4.6.Bewezenverklaring
In bijlage II heeft de rechtbank de inhoud van wettige bewijsmiddelen opgenomen, houdende voor de bewezenverklaring redengevende feiten en omstandigheden. Op grond daarvan, en op grond van de redengevende inhoud van het voorgaande, is wettig en overtuigend bewezen dat de verdachte het onder 1, 3, 4, 5, 6, 7 ten laste gelegde heeft begaan op die wijze dat:
1.
hij op 06 juli 2020 te Rotterdam [naam slachtoffer 1] heeft bedreigd met zware mishandeling, door die [naam slachtoffer 1] dreigend de woorden toe te voegen "Ik trek je kop van je romp. Ik ga je opwachten en dan ga je zien", althans woorden van gelijke dreigende aard of strekking;
3.
hij in de periode van 3 juli 2020 tot en met 7 juli 2020 te Rotterdam wederrechtelijk stelselmatig opzettelijk inbreuk heeft gemaakt op eens anders persoonlijke levenssfeer, te weten die van [naam slachtoffer 2], door
- op 3 juli 2020 bij die [naam slachtoffer 2] aan te bellen en haar een dode rat te tonen
en
- op 4 juli 2020 bereidde linzen/bonen over de auto van die [naam slachtoffer 2] te gooien en- op 6 juli 2020 glassplinters over de auto van die [naam slachtoffer 2] te gooien en/ op zijn verdachtes balkon de tekst "Huis te hoer" te schrijven met daarnaast een getekende pijl die gericht was op de woning van die [naam slachtoffer 2]

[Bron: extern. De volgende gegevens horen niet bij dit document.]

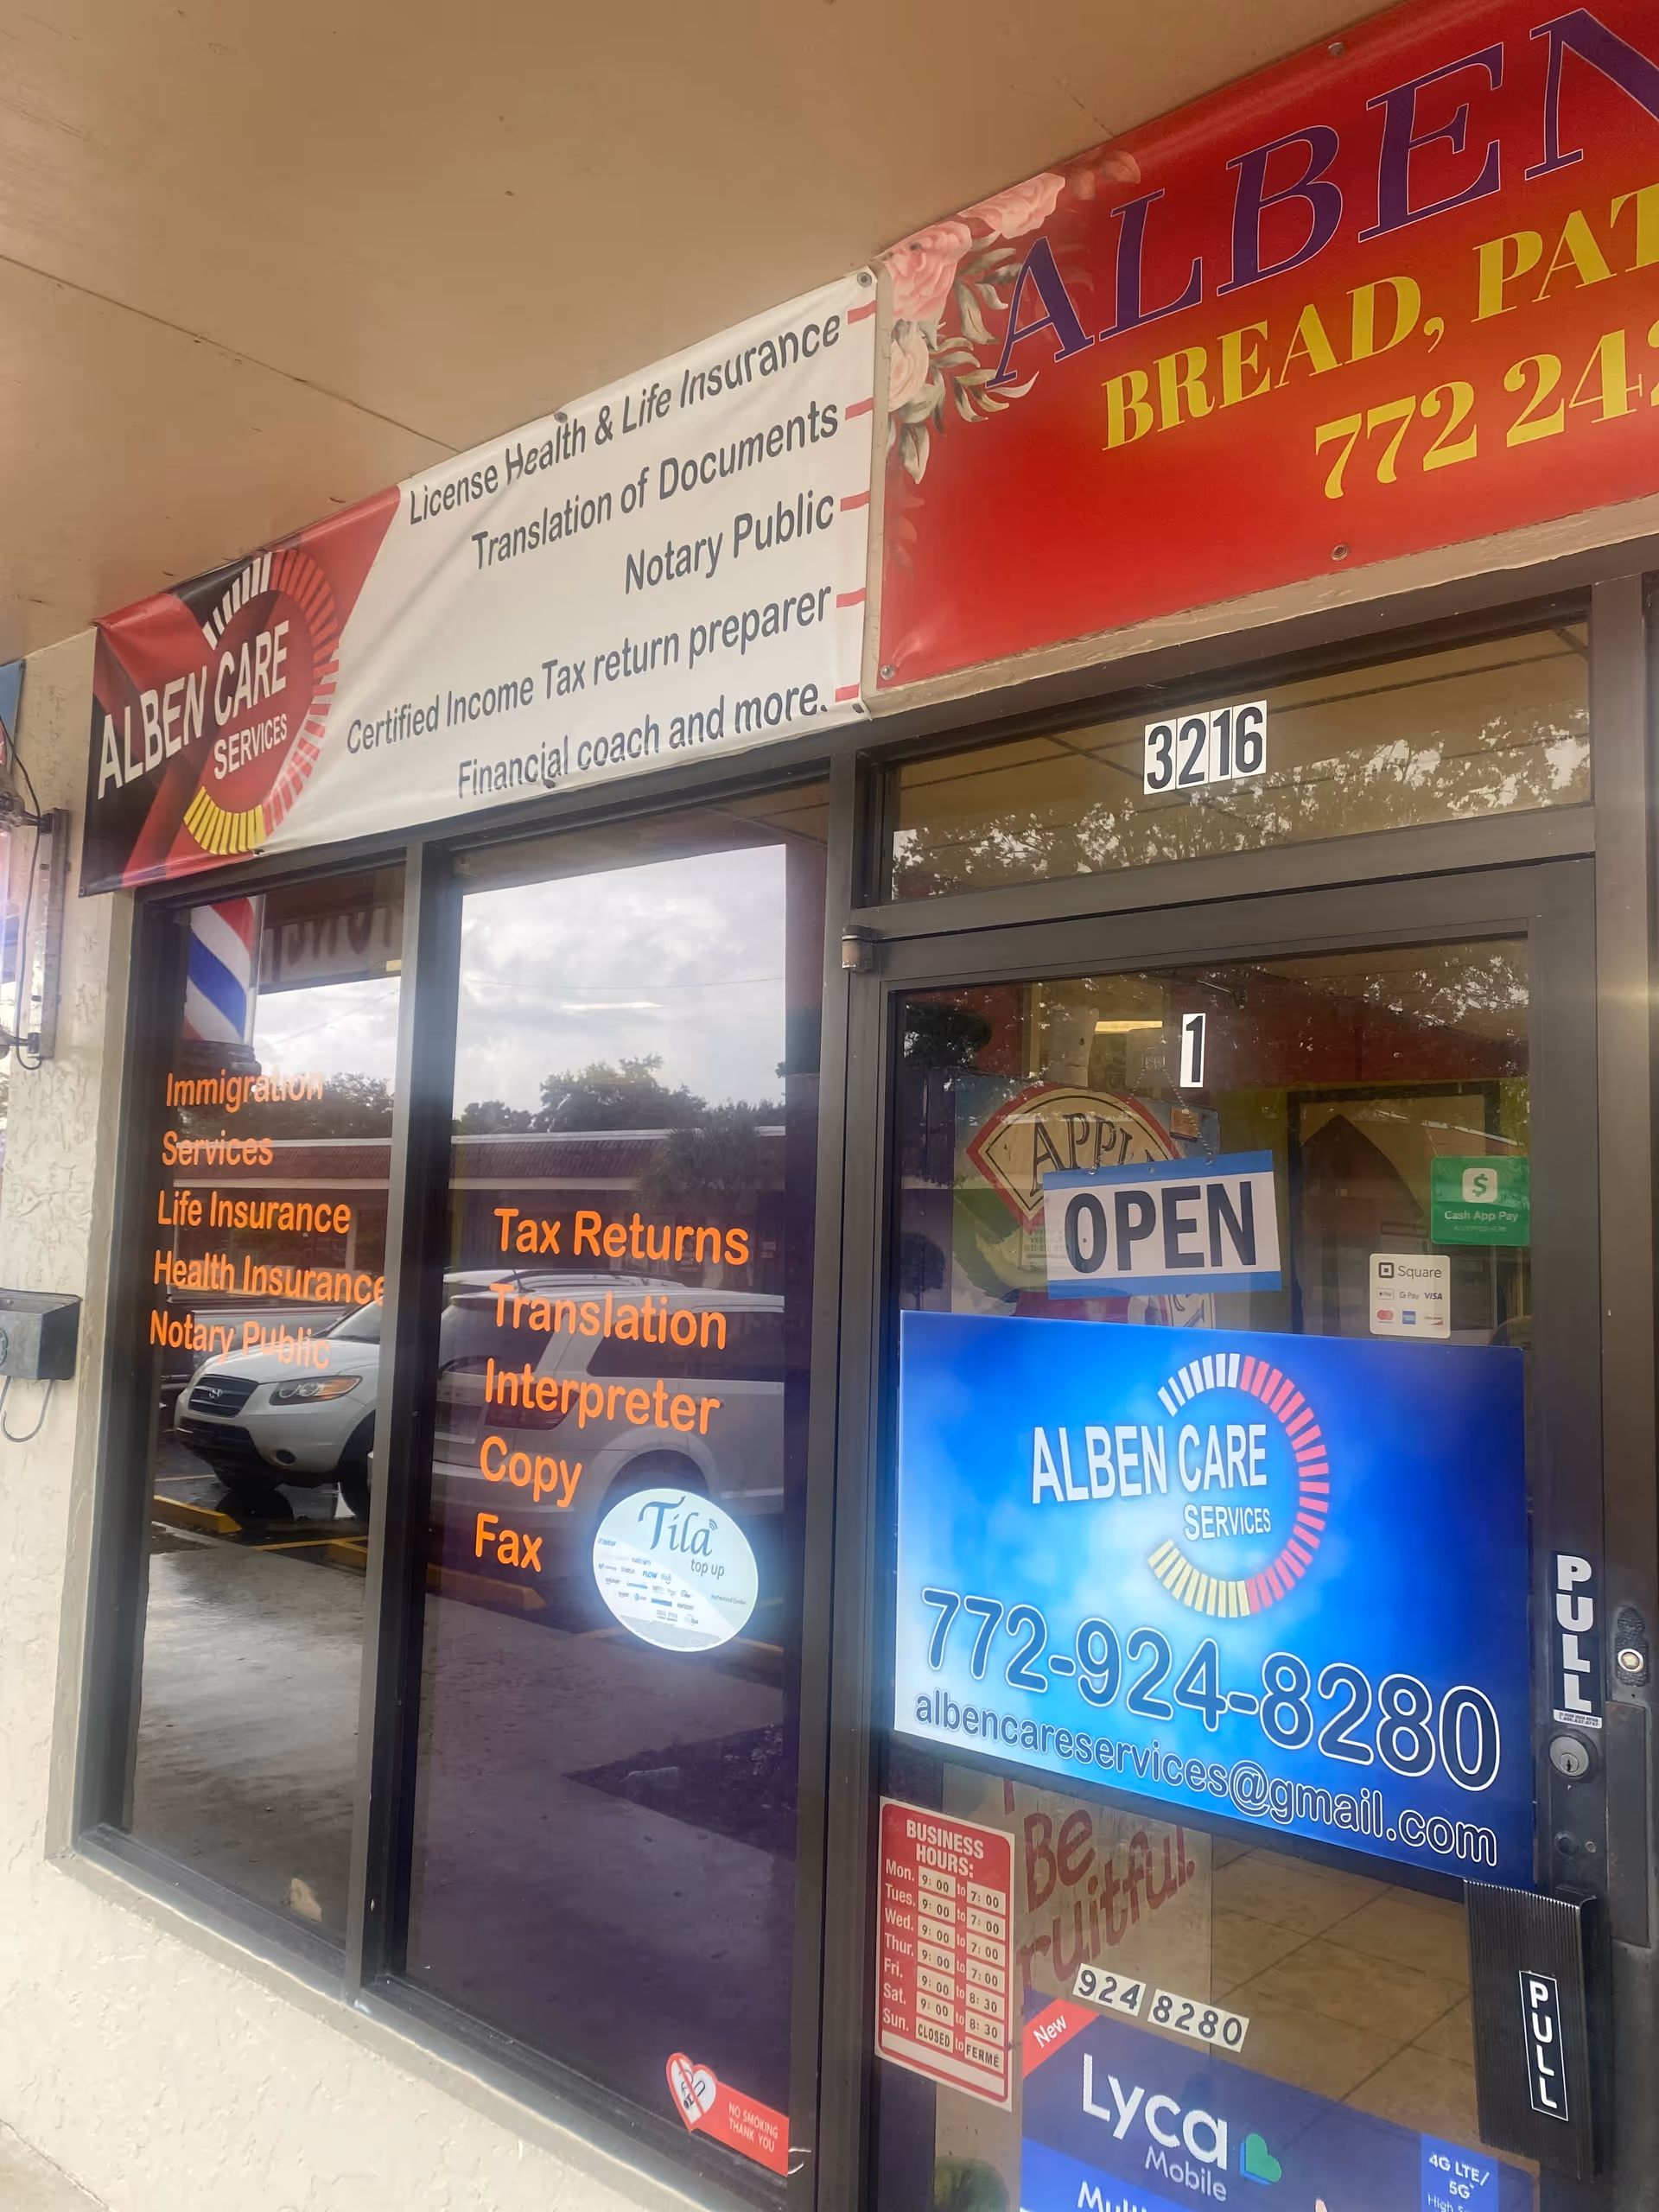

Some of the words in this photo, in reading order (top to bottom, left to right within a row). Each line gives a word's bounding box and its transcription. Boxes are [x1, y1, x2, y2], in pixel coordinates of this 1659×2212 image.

met het oogmerk die [naam slachtoffer 2] vrees aan te jagen;
4.
hij op 29 juli 2020 te Rotterdam opzettelijk en wederrechtelijk een scooter (kenteken [kentekennummer 1]) en een plantenbak toebehorende aan [naam slachtoffer 3] heeft vernield en/of beschadigd
5.
hij in de periode van 1 februari 2020 tot en met 15 maart 2020 te Rotterdam wederrechtelijk stelselmatig opzettelijk inbreuk heeft gemaakt op eens anders persoonlijke levenssfeer, te weten die van [naam slachtoffer 4], door met een agressieve manier van doen
- veelvuldig bij de woning van die [naam slachtoffer 4] langs te komen en aan te bellen en eisen om te worden binnengelaten, en
- veelvuldig geld en onderdak te eisen van die [naam slachtoffer 4], en
- veelvuldig gebruik van de auto(sleutel) te eisen van die [naam slachtoffer 4], en
- tegen de toegangsdeur van de woning van die [naam slachtoffer 4] te trappen/slaan,
met bet oogmerk die [naam slachtoffer 4], te dwingen iets te doen en vrees aan te jagen;
6.
hij op 7 juli 2020 aan de [adres] ter uitvoering van het door verdachte voorgenomen misdrijf om door een feitelijkheid een persoon, te weten [naam slachtoffer 5], te dwingen tot het dulden van een ontuchtige handeling
doordat hij
- onverhoeds naar het geslachtsdeel van die [naam slachtoffer 5] heeft gegrepen,
terwijl de uitvoering van dat voorgenomen misdrijf niet is voltooid.
7.
hij op 3 juli 2020 te Rotterdam, opzettelijk en wederrechtelijk een auto (merk Mercedes, voorzien van kenteken [kentekennummer 2]) toebehorende aan een persoon genaamd [naam slachtoffer 4], heeft beschadigd
Hetgeen meer of anders is ten laste gelegd is niet bewezen. De verdachte moet daarvan worden vrijgesproken.
Voor zover in de bewezenverklaarde tenlastelegging taal- en/of schrijffouten voorkomen, zijn deze in de bewezenverklaring verbeterd. De verdachte is daardoor niet in zijn verdediging geschaad.